- **Images for object localization**
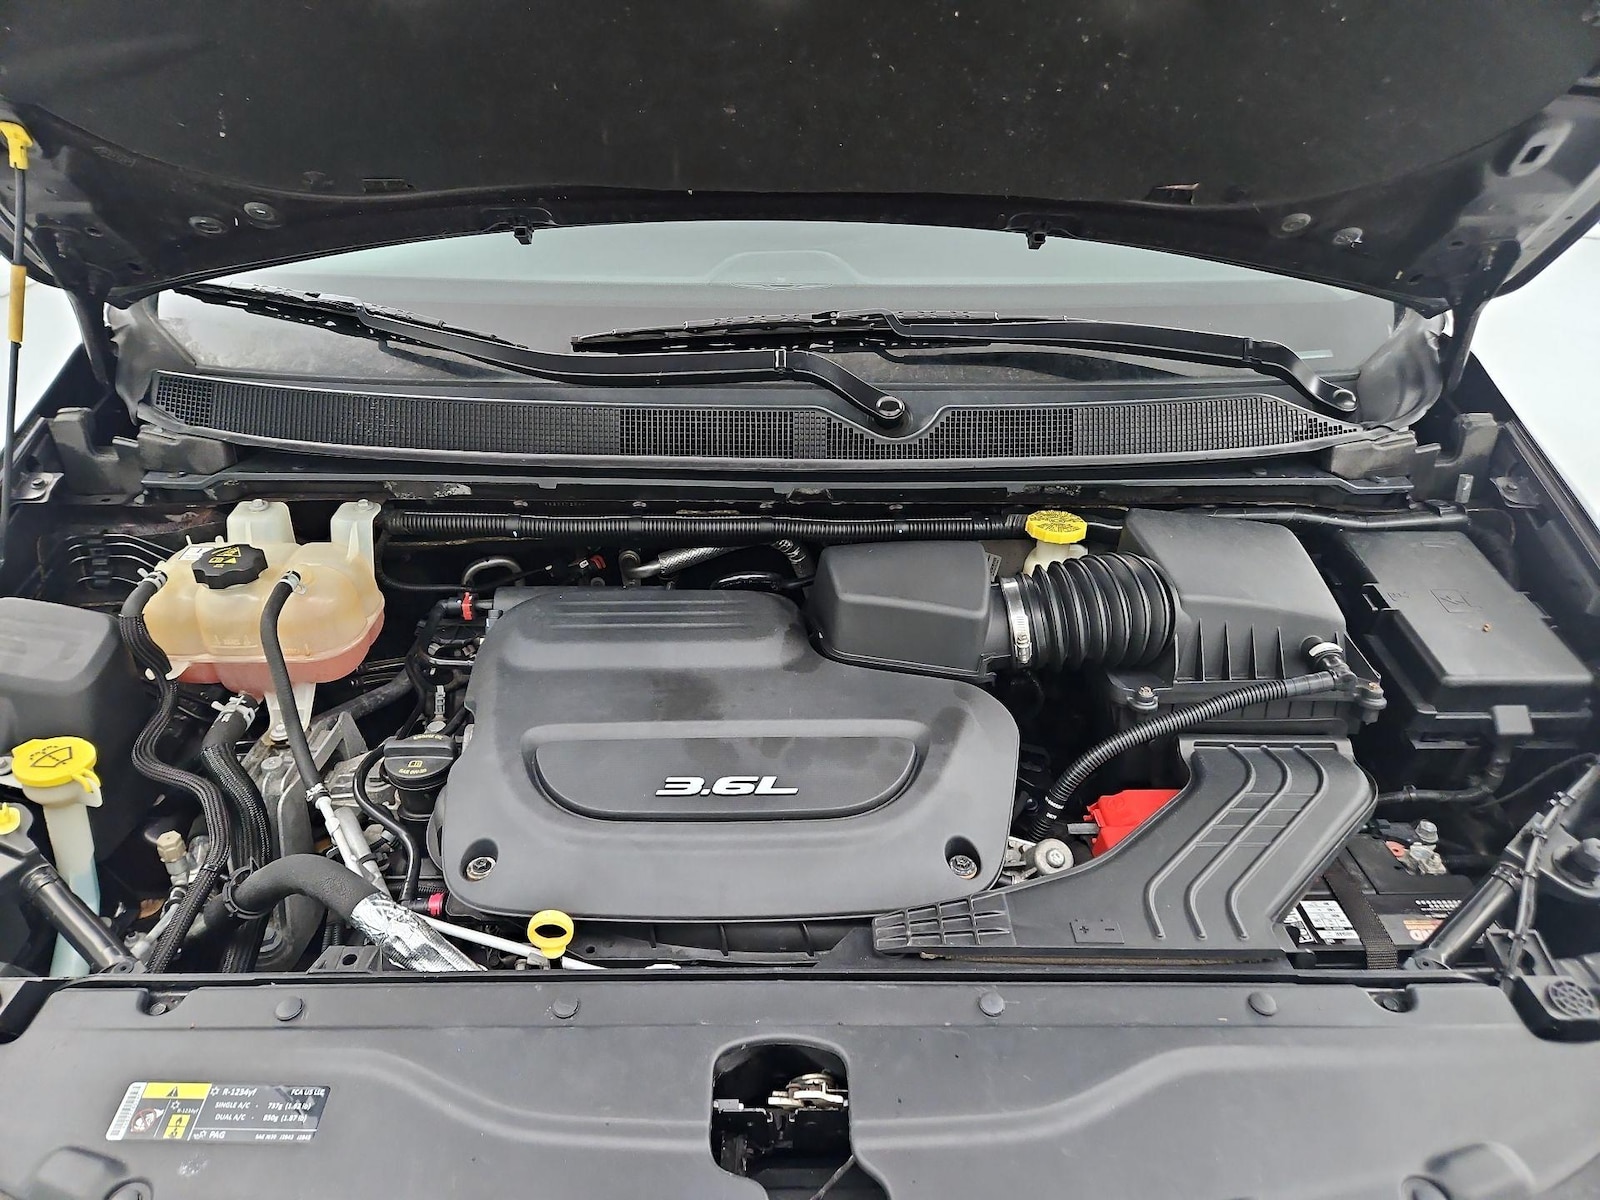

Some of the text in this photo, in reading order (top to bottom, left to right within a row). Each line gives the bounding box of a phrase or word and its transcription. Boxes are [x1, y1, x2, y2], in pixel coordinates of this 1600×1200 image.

[655, 776, 799, 796] 3.6L
[222, 1087, 258, 1098] R-1234yf
[290, 1088, 303, 1096] FCA
[303, 1088, 314, 1096] US
[214, 1101, 251, 1110] SINGLE A/C
[214, 1113, 247, 1122] DUAL A/C
[208, 1131, 226, 1139] PAG
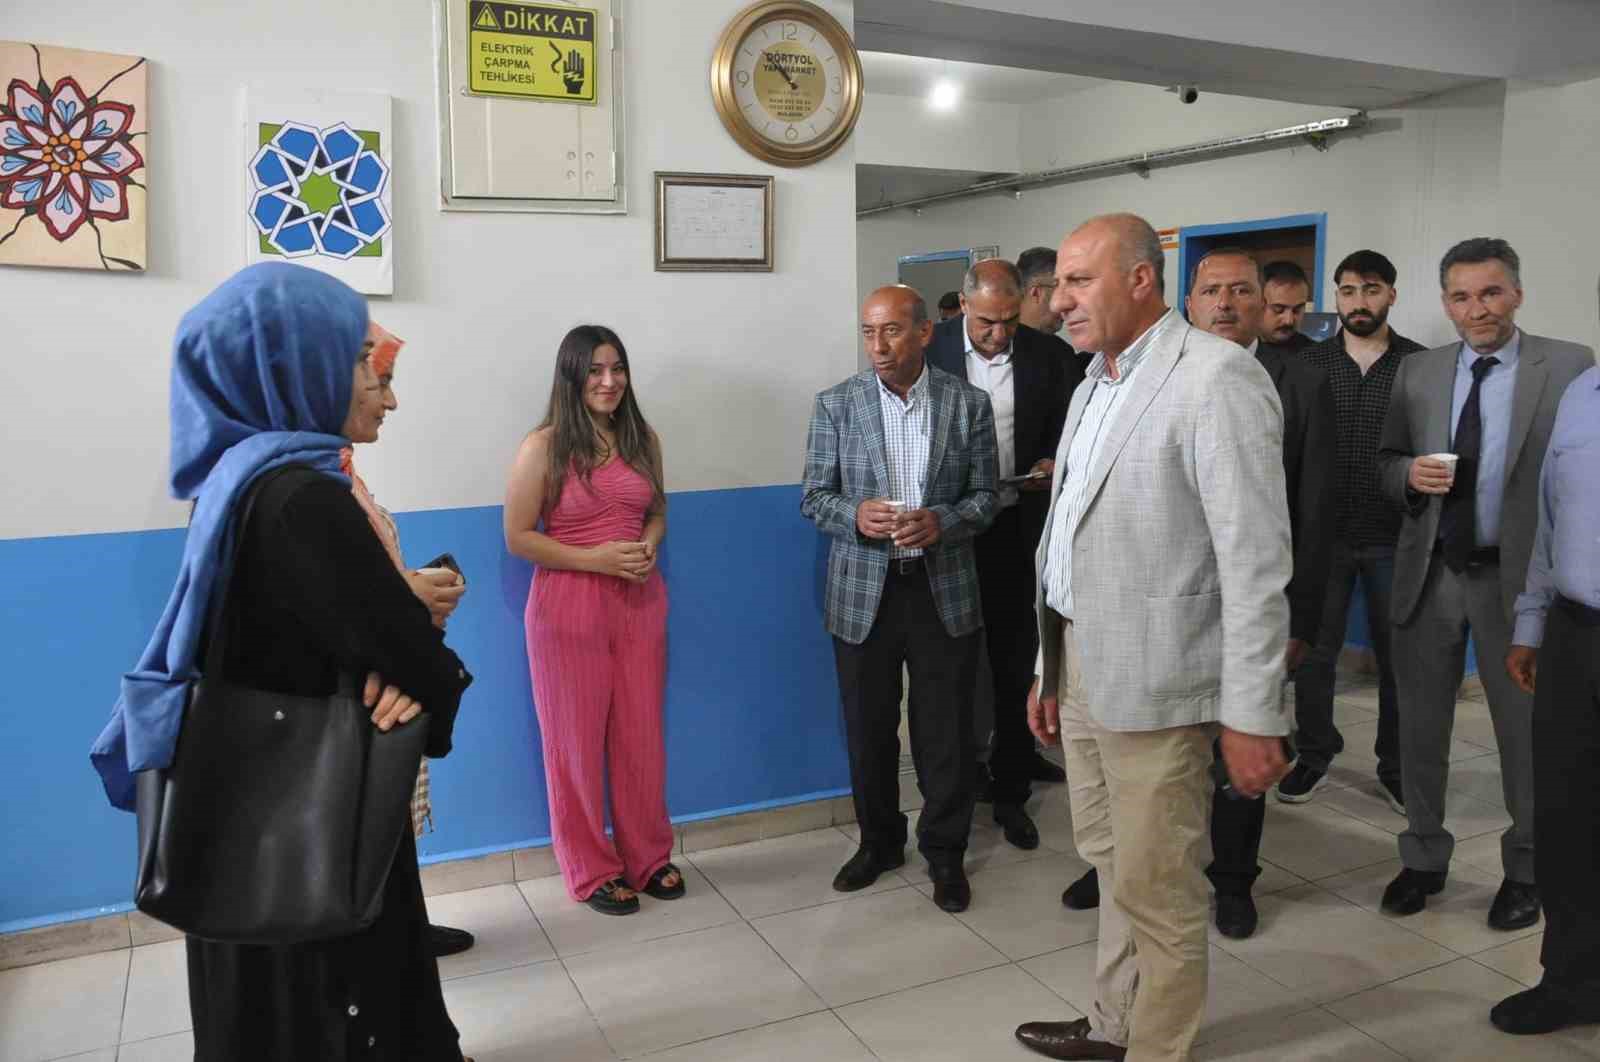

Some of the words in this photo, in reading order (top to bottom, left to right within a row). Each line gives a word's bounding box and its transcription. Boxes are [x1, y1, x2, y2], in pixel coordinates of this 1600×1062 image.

[504, 8, 588, 35] DİKKAT
[782, 22, 798, 41] 12
[480, 42, 534, 56] ELEKTRİK
[484, 57, 530, 70] ÇARPMA
[480, 71, 536, 85] TEHLİKESİ
[785, 123, 799, 140] 6
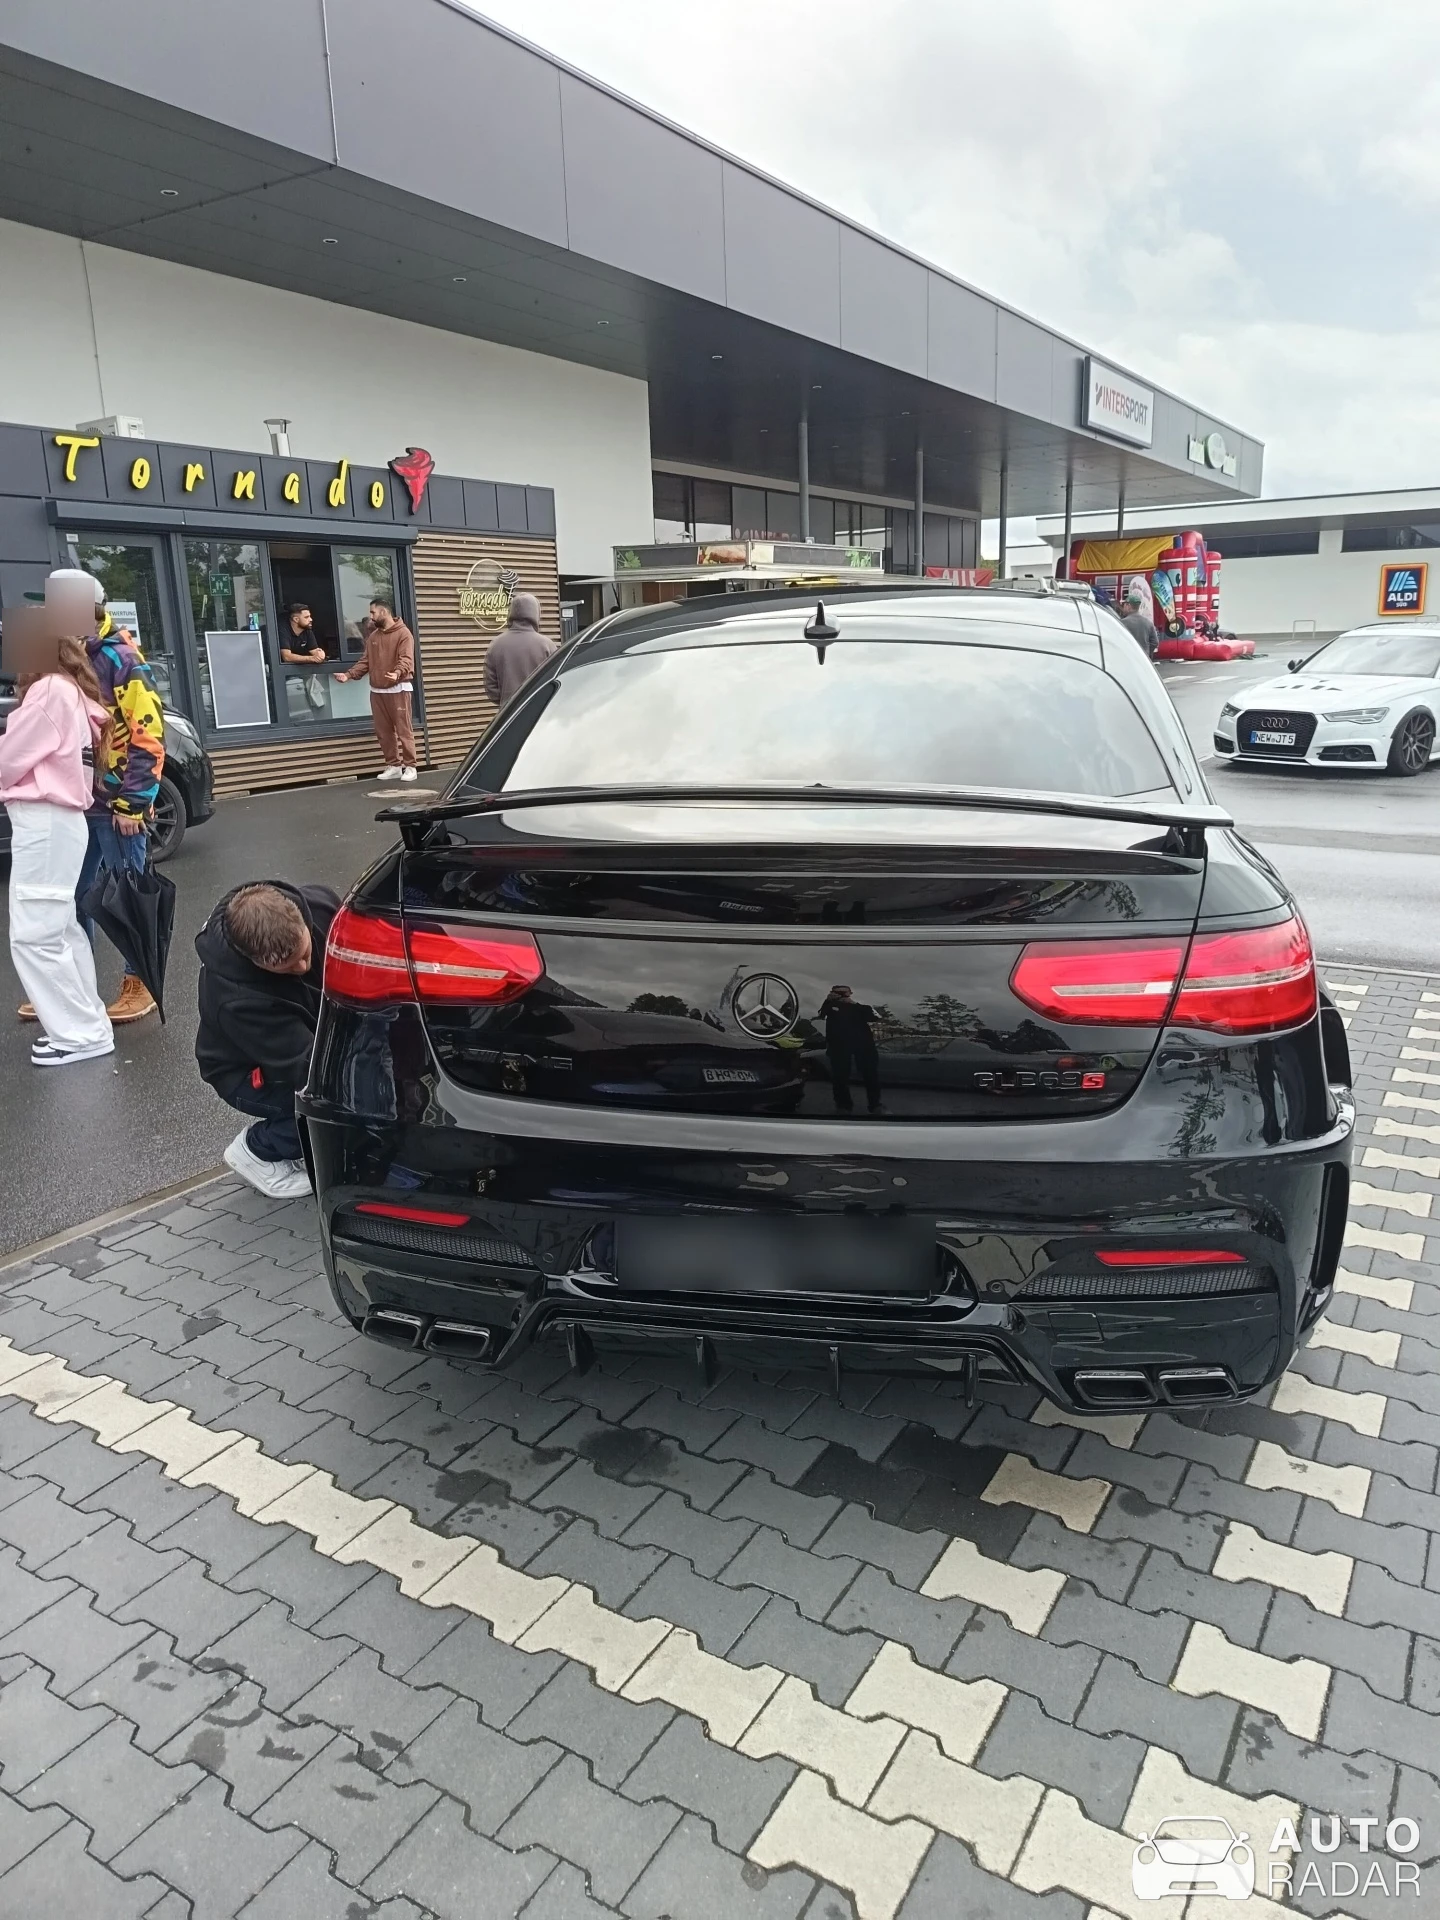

- **Requirement**
Retype, please, exactly the lines that begin with the one containing "Some of the words" and end at the last line of the entries above, both included, leaving out pictures.

- **Finished task**
Some of the words in this photo, in reading order (top to bottom, left to right within a row). Each line gives a word's bounding box and its transcription. Boxes are [x1, y1, x2, y2], in pixel coordinates of this 1600×1062 image.

[504, 8, 588, 35] DİKKAT
[782, 22, 798, 41] 12
[480, 42, 534, 56] ELEKTRİK
[484, 57, 530, 70] ÇARPMA
[480, 71, 536, 85] TEHLİKESİ
[785, 123, 799, 140] 6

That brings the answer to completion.